Ha sido Magistrado Ponente de esta resolución S.Sª Ilma Doña María José Magaldi Paternostro, quien expresa el parecer del Tribunal.
Antecedentes
PRIMERO.- En fecha 4 de marzo de 2016 y por el Juzgado de lo Penal nº 7 de Barcelona se dictó sentencia en el Proceso Abreviado nº que contiene el fallo que aquí se da por reproducido por razones de economía procesal.
SEGUNDO.- Apelada fue la sentencia por los referidos acusados y previos los trámites legales se remitieron los autos a esta Sección teniendo entrada en la misma el día9 de junio de 2016, habiéndose celebrado el día 27 de junio de 2016 la preceptiva deliberación y votación del recurso interpuesto en cuya tramitación se han observado todas las prescripciones legales.
TERCERO.- El Ministerio Fiscal impugnó los recursos solicitando la confirmación de la sentencia objeto de apelación.
CUARTO.- Se aceptan y se dan por reproducidos los antecedentes de hecho y los hechos probados de la sentencia apelada
Fundamentos
PRIMERO.- Se aceptan y se dan por reproducidos los Fundamentos de Derecho de la sentencia apelada a los que se suman los contenidos en esta resolución.
SEGUNDO.- Como punto primero debe darse respuesta jurídica a la petición formulada por la representación procesal de Roberto de práctica en la segunda instancia de una pericial médico forense con extracción de muestras capilares que fue indebidamente denegada en la primera instancia.
Efectivamente le asiste la razón a la parte en su denuncia de que la prueba solicitada en el escrito de defensa (sin foliar) fue en parte indebidamente denegada y lo fue porque no es razón justificable en Derecho hacerlo 'por haberse tenido que practicar en sede de instrucción toda vez la naturaleza del procedimiento' ( auto de aclaración, de nuevo sin foliar) pues de ningún modo se desprende de los 797 y ss de la Lecrim que una prueba debidamente solicitada en el escrito de Defensa pertinente, necesaria y factible de ser realizada con anterioridad al acto del Juicio sea denegada por 'no haberse practicado en instrucción'. De igual modo la practica de una prueba indebidamente denegada en la segunda instancia está prevista, entre otros supuestos, en el artículo 790.3 de la Lecrim .

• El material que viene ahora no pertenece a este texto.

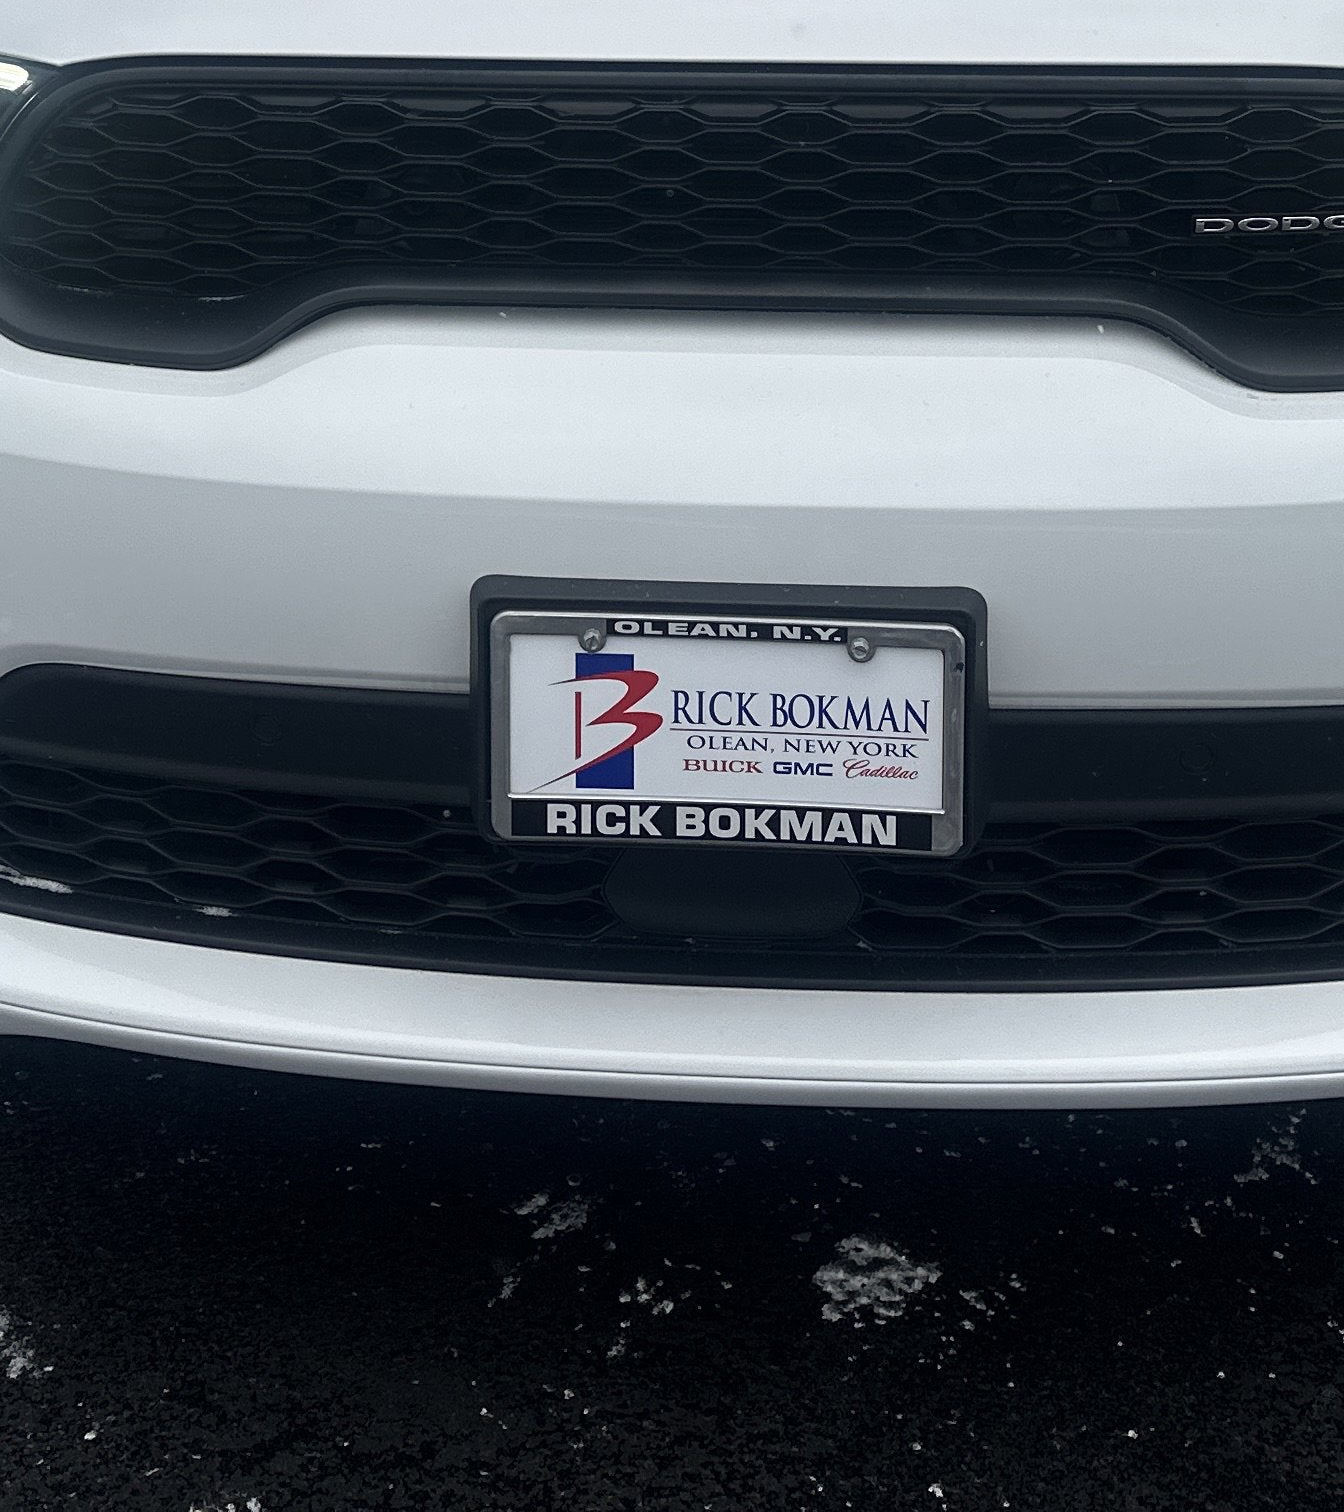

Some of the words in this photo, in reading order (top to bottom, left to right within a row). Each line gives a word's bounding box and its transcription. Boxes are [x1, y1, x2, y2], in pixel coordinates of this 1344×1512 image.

Sin embargo, si analizamos con detenimiento la actuación procesal de la parte recurrente se observa:
1º) Que sustentaba la pertinencia de la prueba en alegar que en el momento de los hechos el hoy acusado se hallaba bajo la influencia de heroína y alcohol y, por lo tanto, la atenuación de su responsabilidad la basaba en el articulo 21.1 en relación con el 20.2 del CP , es decir en que el autor' al tiempo de cometer la infracción se halle en estado de intoxicación plena por el consumo de bebidas alcohólicas, drogas tóxicas..,etc'de lo que, habiendo sido detenido prácticamente flagrante delito ( de ahí la calificación del hecho en grado de tentativa) no existe referencia alguna en el atestado la que, desde luego, se habría hecho constar por los agentes que le detuvieron de ser tan relevante como se alega y, por tanto, con posibilidades de sustentar una atenuación de la responsabilidad. En consecuencia, pedir, cuando se pide, un examen forense y analisis capilar para acreditar una drogadicción no guarda relación con el 'thema probandi' que no es otro que probar que en aquel momento el acusado estaba 'drogado' o 'borracho'.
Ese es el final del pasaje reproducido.